A total of 436,711 procedures using ionizing radiation were reported over the three-year study. Plain x-rays comprised the most common procedures, with 40 percent of children receiving at least one procedure during the study. Twenty-two percent of children received two or more radiography procedures and 14 percent received three or more.
CT was the second most common procedure, with 8 percent of children receiving at least one over the study period. Two percent of children received one or more fluoroscopy and/or angiography procedures and 1 percent received a nuclear medicine scan. Radiography accounted for a total of 85 percent of all procedures.
"Based on these data, the average child in this study population will have received more than seven procedures by the time he or she reaches age 18 years," Dorfman and colleagues wrote. Overall, male enrollees had higher rates of imaging than females, with 44 percent of boys and 41 percent of girls receiving at least one procedure using radiation.

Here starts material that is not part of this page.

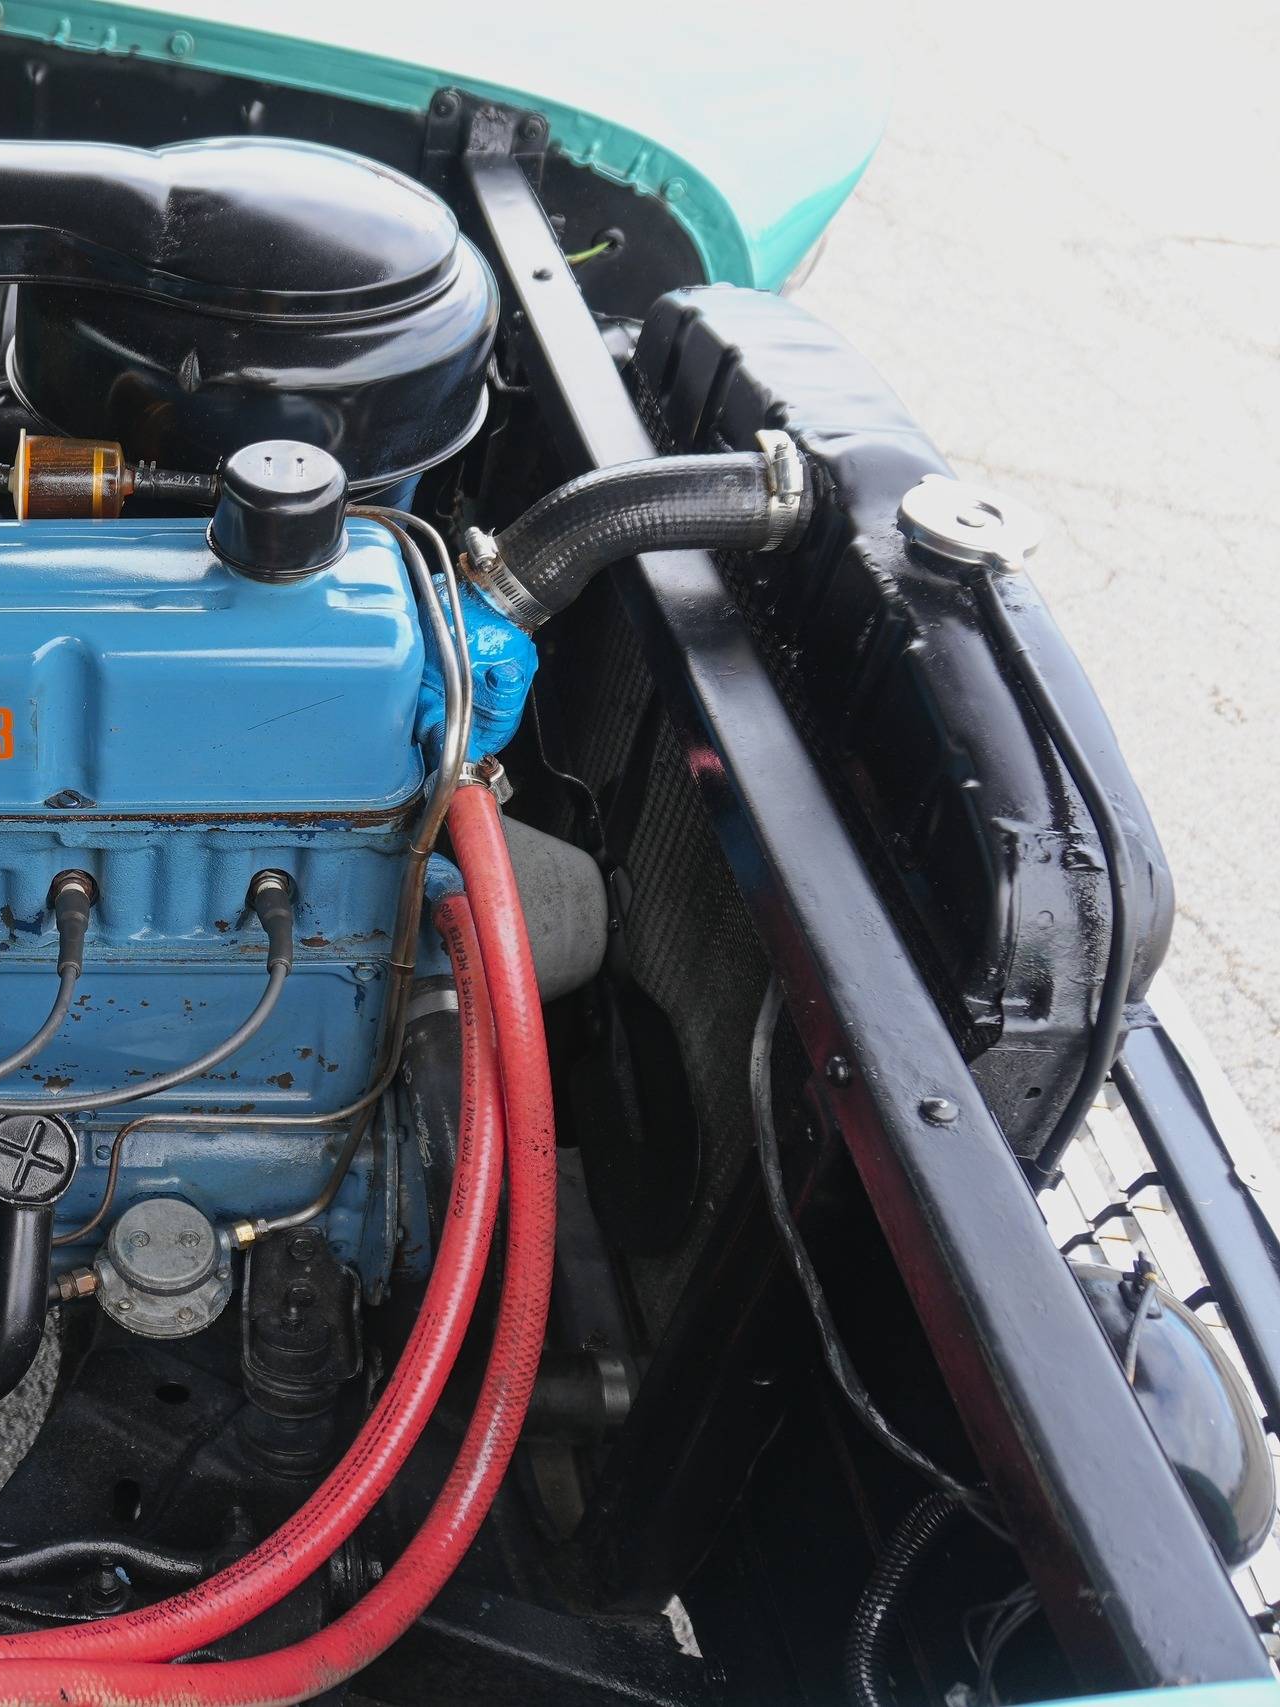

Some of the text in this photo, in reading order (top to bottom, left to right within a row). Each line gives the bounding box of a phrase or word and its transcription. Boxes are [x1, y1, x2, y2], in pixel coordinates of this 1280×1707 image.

[448, 925, 470, 971] HEATER
[461, 1095, 477, 1164] FIREWALL
[454, 1173, 470, 1218] GATES

Children over ten years of age also had significantly higher imaging rates.
The authors expressed concern given the National Research Council's findings that any exposure to radiation poses at least some risk, while also citing studies indicating that risk increases linearly with greater exposure to radiation. "Developing tissues in children are more sensitive to radiation and their longer expected life spans also allow additional time for the emergence of detrimental effects," said co-author, Reza Fazel, MD, of the department of cardiology at Emory University School of Medicine in Atlanta.
The authors made no attempts to judge the appropriateness of the procedures, however, while also abstaining from estimating radiation doses due to "a paucity of available data on radiation dosimetry in the pediatric population." They also cautioned that conducting the study in five states and considering only insured children might limit the generalizability of their findings.
"Of course, there is immense life-saving value in medical imaging, so our study doesn't suggest at all that these tests shouldn't be used in children," said co-author Kimberly E. Applegate, MD, vice chair for quality and safety in the department of radiology at Emory.
"It should encourage discussions about the value of each imaging test that is ordered, recognizing that radiation exposure, even in small amounts, may not be risk free," stated study co-author Andrew J. Einstein, MD, PhD, a cardiologist at Columbia University in New York City.